**YOUR GOAL**
Emit only the lines from the line containing "this 1600×1067 image." through the last line of the entries, unchanged.

**INPUT**
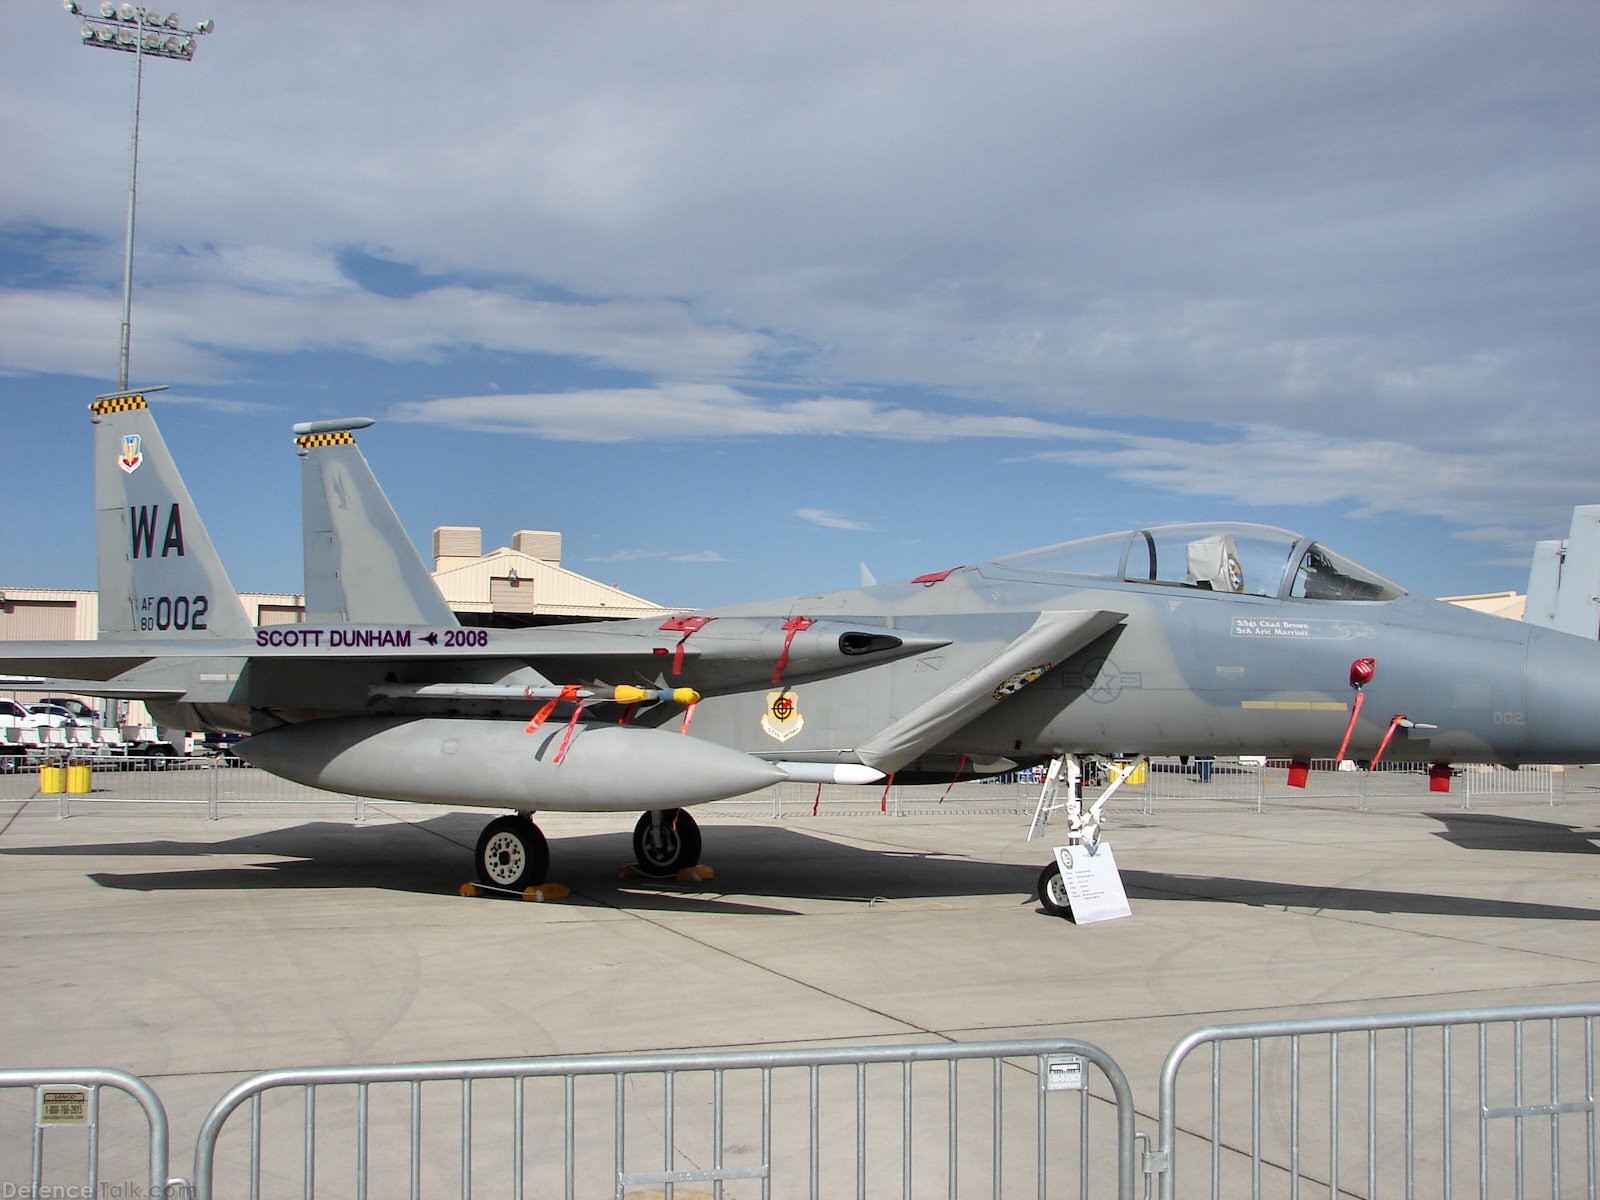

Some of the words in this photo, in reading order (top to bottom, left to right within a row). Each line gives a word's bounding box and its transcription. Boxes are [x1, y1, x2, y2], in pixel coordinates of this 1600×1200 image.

[131, 503, 184, 558] WA
[141, 597, 154, 611] AF
[156, 595, 208, 630] 002
[141, 617, 154, 630] 80
[1236, 619, 1257, 628] SSgt
[1259, 620, 1281, 628] Chad
[1282, 621, 1309, 629] Brown
[1236, 627, 1253, 635] SrA
[1274, 629, 1309, 637] Marriott
[1493, 711, 1525, 725] 002
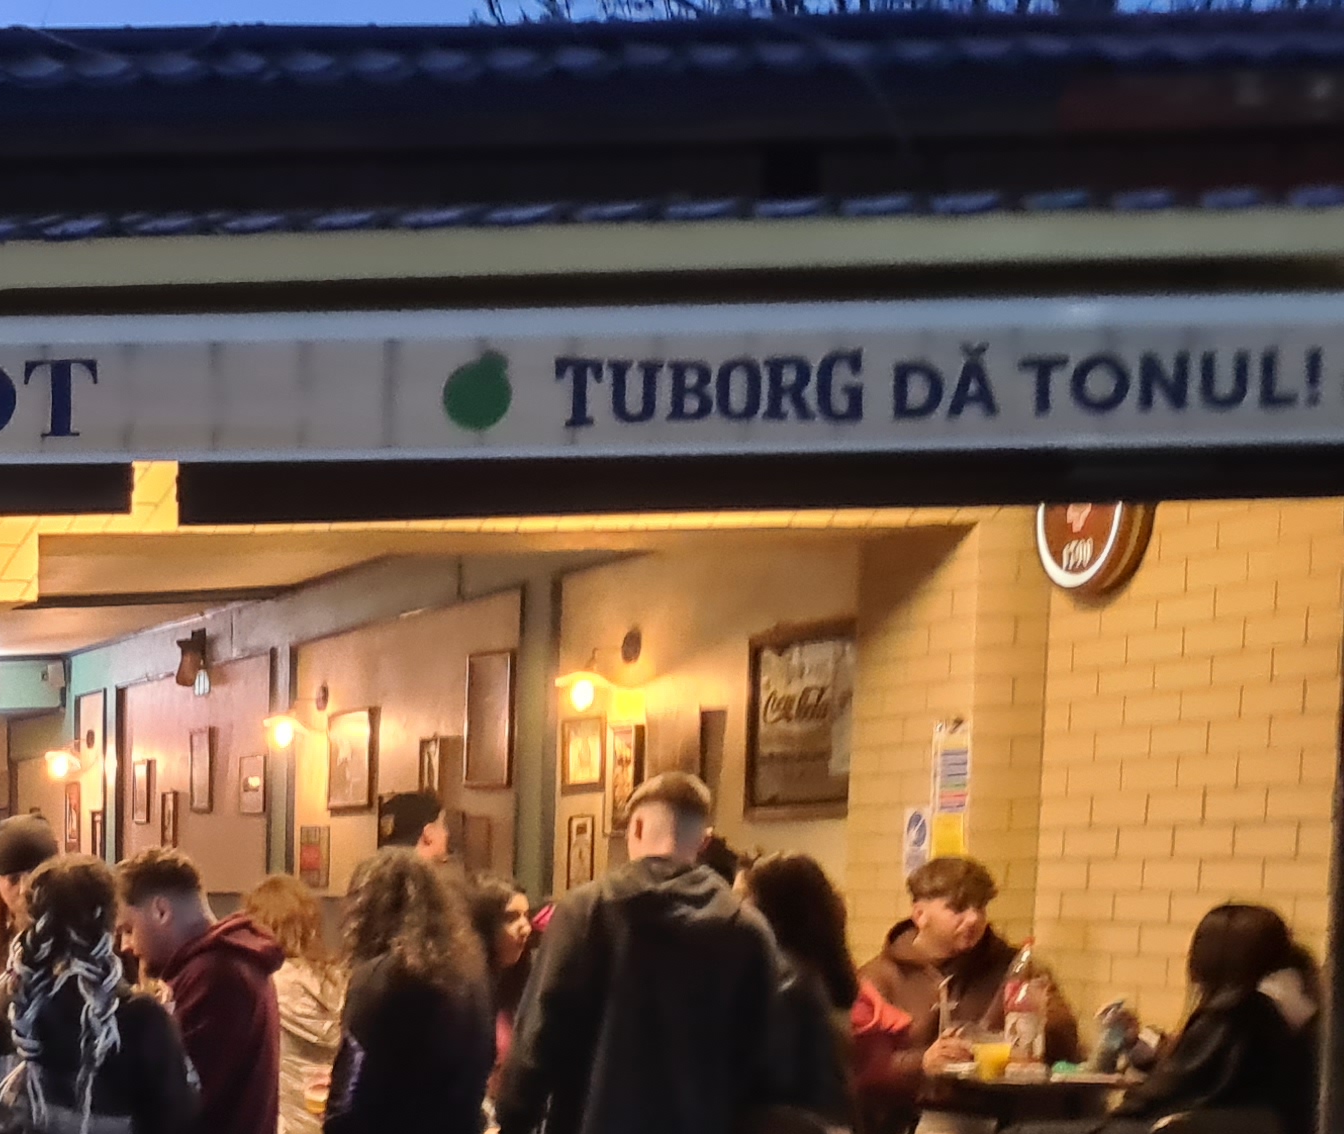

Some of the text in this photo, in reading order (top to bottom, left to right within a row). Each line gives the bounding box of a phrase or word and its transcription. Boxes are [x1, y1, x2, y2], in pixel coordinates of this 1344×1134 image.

[554, 341, 1322, 428] TUBORG DĂ TONUL!
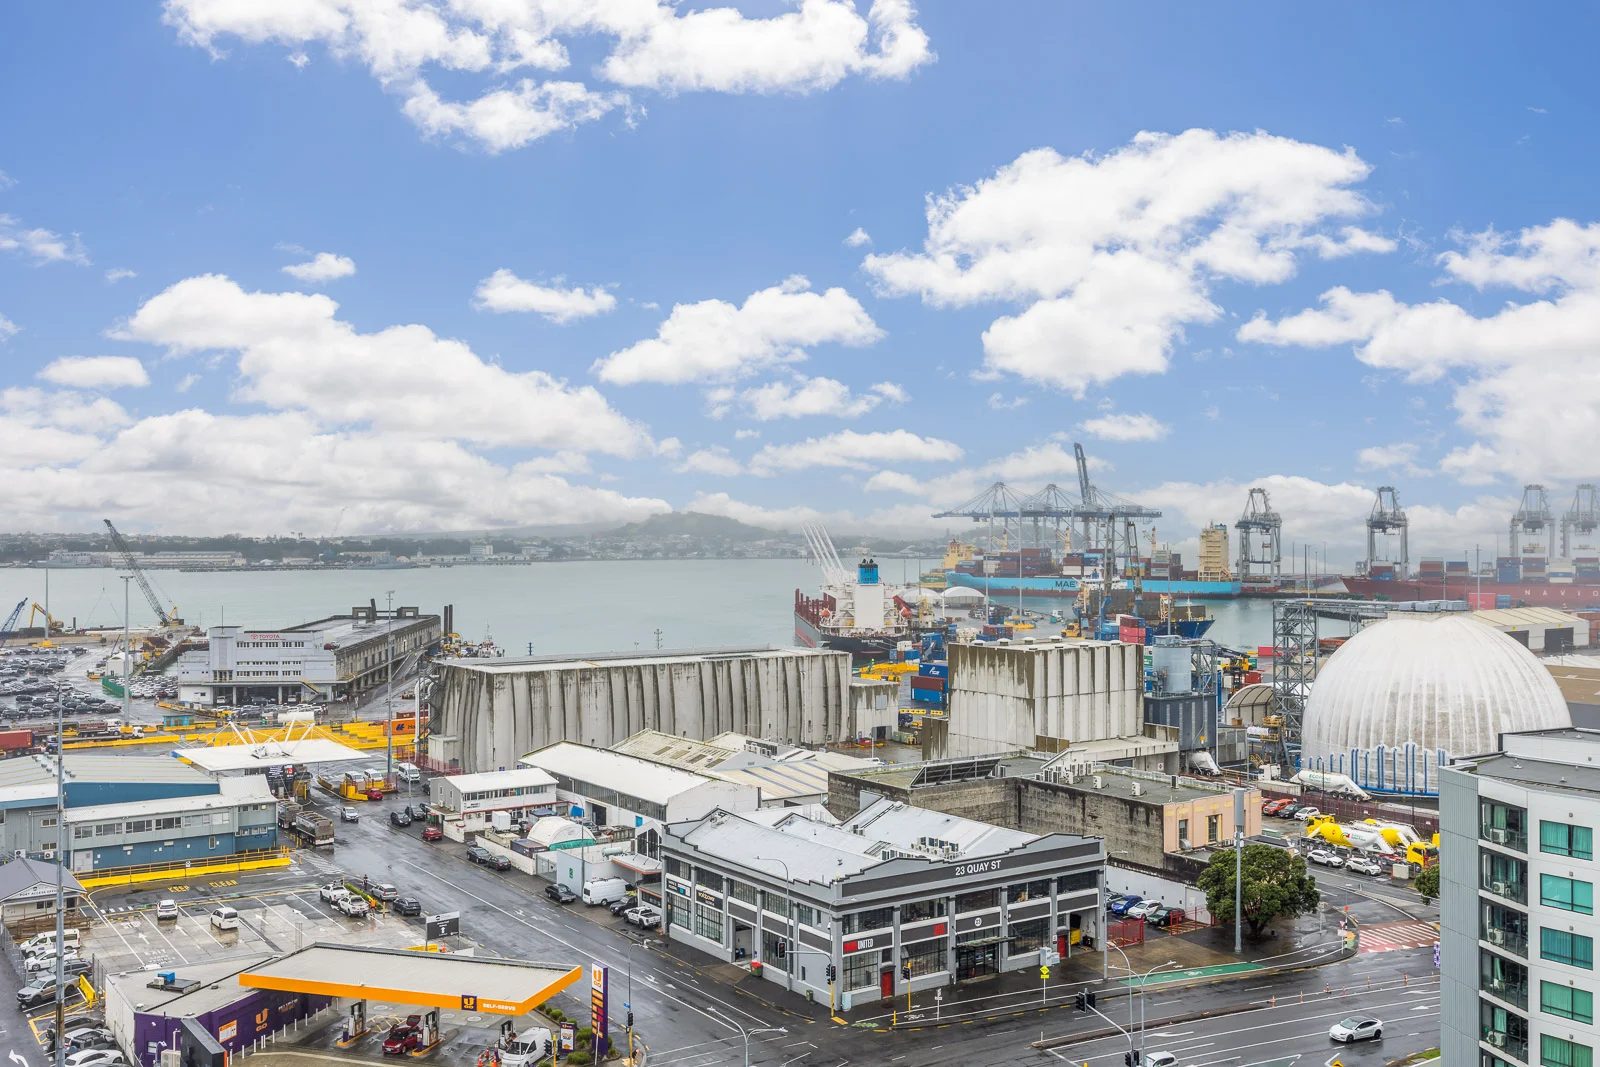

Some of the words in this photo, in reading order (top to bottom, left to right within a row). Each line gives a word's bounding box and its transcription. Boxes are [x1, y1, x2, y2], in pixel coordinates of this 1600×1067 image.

[955, 866, 965, 876] 23
[966, 862, 990, 874] QUAY
[990, 860, 1002, 870] ST
[167, 885, 190, 893] KEEP
[208, 879, 239, 888] CLEAR
[857, 938, 874, 950] UNITED
[482, 1003, 516, 1011] SELF-SERVE

**ANSWER SECTION**
Some of the words in this photo, in reading order (top to bottom, left to right within a row). Each line gives a word's bounding box and its transcription. Boxes are [x1, y1, x2, y2], in pixel coordinates of this 1600×1067 image.

[955, 866, 965, 876] 23
[966, 862, 990, 874] QUAY
[990, 860, 1002, 870] ST
[167, 885, 190, 893] KEEP
[208, 879, 239, 888] CLEAR
[857, 938, 874, 950] UNITED
[482, 1003, 516, 1011] SELF-SERVE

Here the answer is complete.